Homework Assignments
The programming and written assignments count for half of your final grade. Much of what you learn in this course will be through completing these assignments. Your final homework grade is the average of your grades on the seven assignments.
# | Out | Assignment | Support Code | Due before midnight on: |
---|---|---|---|---|
0 | Aug 23 | Inductive Definitions | TeX template | Sep 1 Submit on Moodle |
1 | Sep 6 | Statics, Dynamics and Type Safety | TeX template | Sep 15 |
2 | Sep 30 | Meta Theory and Implementation: Language T with Finite Data Types |
OCaml template (Language E) | Oct 13 |
3 | Oct 14 | Meta Theory and Implementation: Language ETSPL with Generic Lists |
OCaml template (Language E) | Oct 27 | 4 | Nov 11 | Programming with Streams | (See link to left) | Dec 1 |
Handout and Handin
Assignments will be made available on this Web page, and solutions are to be submitted via Moodle. You may make as many submissions as you like before the due date, only the latest will be graded.
In general, for programming assignments we ask that you submit your code and a brief README detailing anything you think we need to know to understand your submission.

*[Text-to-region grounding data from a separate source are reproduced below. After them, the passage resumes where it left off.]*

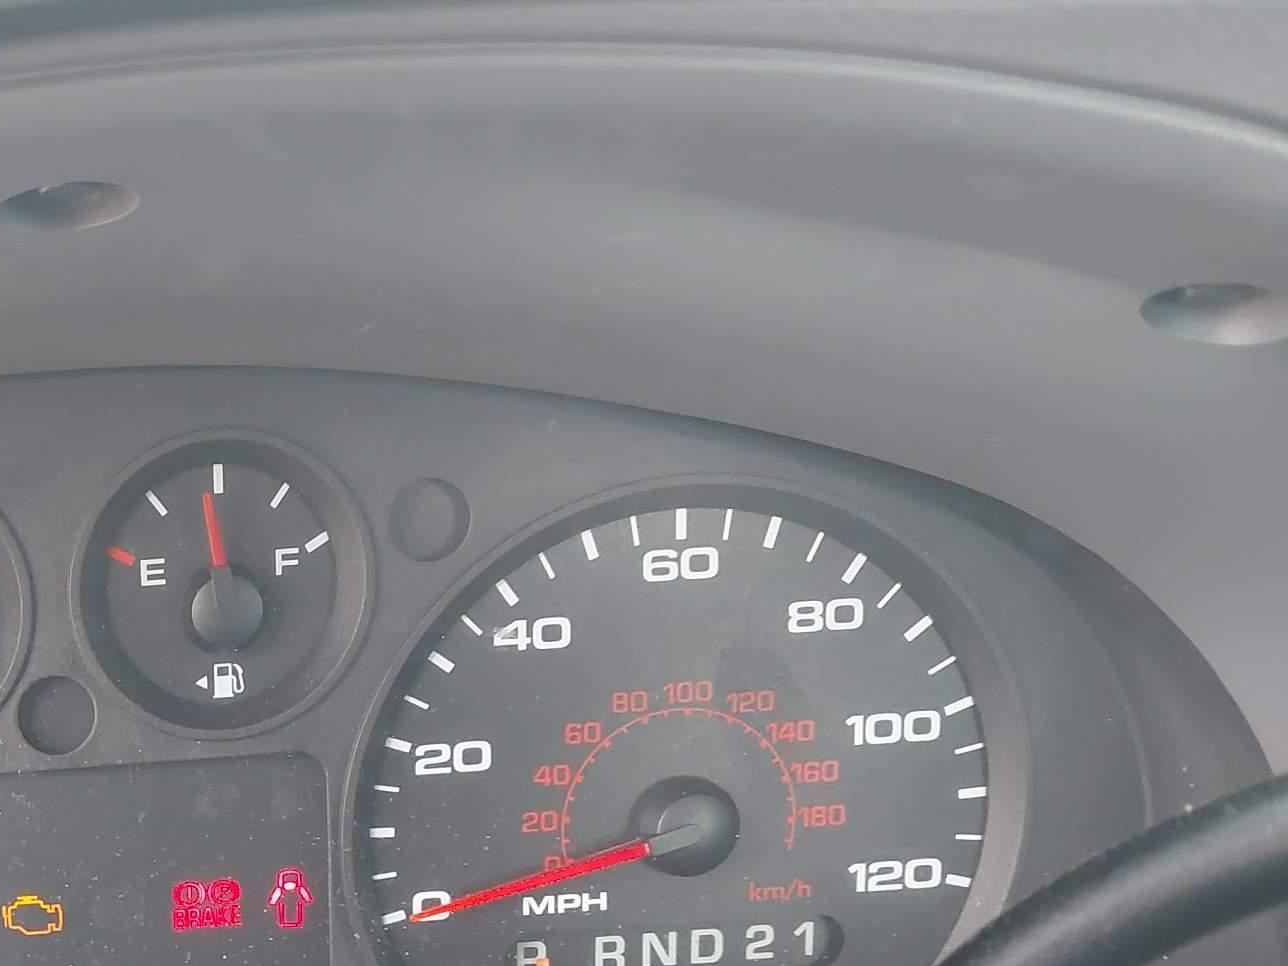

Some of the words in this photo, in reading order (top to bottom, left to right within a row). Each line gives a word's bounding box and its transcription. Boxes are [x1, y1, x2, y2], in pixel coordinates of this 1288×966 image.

[140, 558, 167, 587] E
[275, 547, 300, 576] F
[643, 547, 719, 582] 60
[787, 598, 864, 634] 80
[493, 616, 572, 651] 40
[611, 690, 649, 712] 80
[663, 680, 713, 703] 100
[727, 690, 775, 713] 120
[564, 722, 602, 745] 60
[767, 720, 815, 743] 140
[845, 710, 941, 746] 100
[415, 740, 492, 776] 20
[533, 764, 572, 786] 40
[793, 761, 839, 784] 160
[522, 811, 558, 833] 20
[799, 805, 847, 827] 180
[847, 858, 942, 893] 120
[748, 880, 811, 902] km/h
[411, 890, 451, 922] 0
[522, 891, 608, 916] MPH
[173, 906, 243, 930] BRAKE
[690, 928, 724, 964] D
[745, 924, 775, 960] 2
[793, 921, 815, 956] 1

The written assignments are to be submitted in PDF format (only!); they must be typeset using LaTeX. The tex directory contains some examples.
Late Policy
No late homeworks will be accepted or graded. They are worth zero points. Hence, you should turn in incomplete homework by the due date rather than to wait until after the due date to turn in something more complete: The former will be graded and probably receive some credit; the latter will receive no credit. Also see Grading Policy.Extra Credit
Some assignments will have extra credit questions. The intent is for such questions to be interesting, although some may be very hard. Partial answers and half-baked ideas are welcome and will receive some credit as long as it is clear you have seriously considered the question. See the home page for how extra credit will count towards your grade.
Advice on Programming Assignments
- Grading criteria:
- Correctness: does the program compile and run as prescribed?
- Functionality: which of the specified features have been implemented?
- Documentation: are there sufficient comments to understand the implementations?
- Criteria not applied unless explicitly specified:
- Efficiency: choose clarity over efficiency in your code.
- Some advice:
- Start your assignments early.
- Design your program from simple to more complex features.
- Finish implementations of the simpler specifications before moving on to more complex ones.
- Submit early and submit often. This will protect you against losing work or being caught out by autolab.
Advice on Written Assignments
- Grading criteria:
- Correctness and clarity for mathematical questions.
- Clarity and thoroughness for design or essay questions.
- Some advice:
- Start your assignments early.
- Don't wait until the last minute to type up your solutions: ideas that seem to work on paper will often break as you write them up carefully!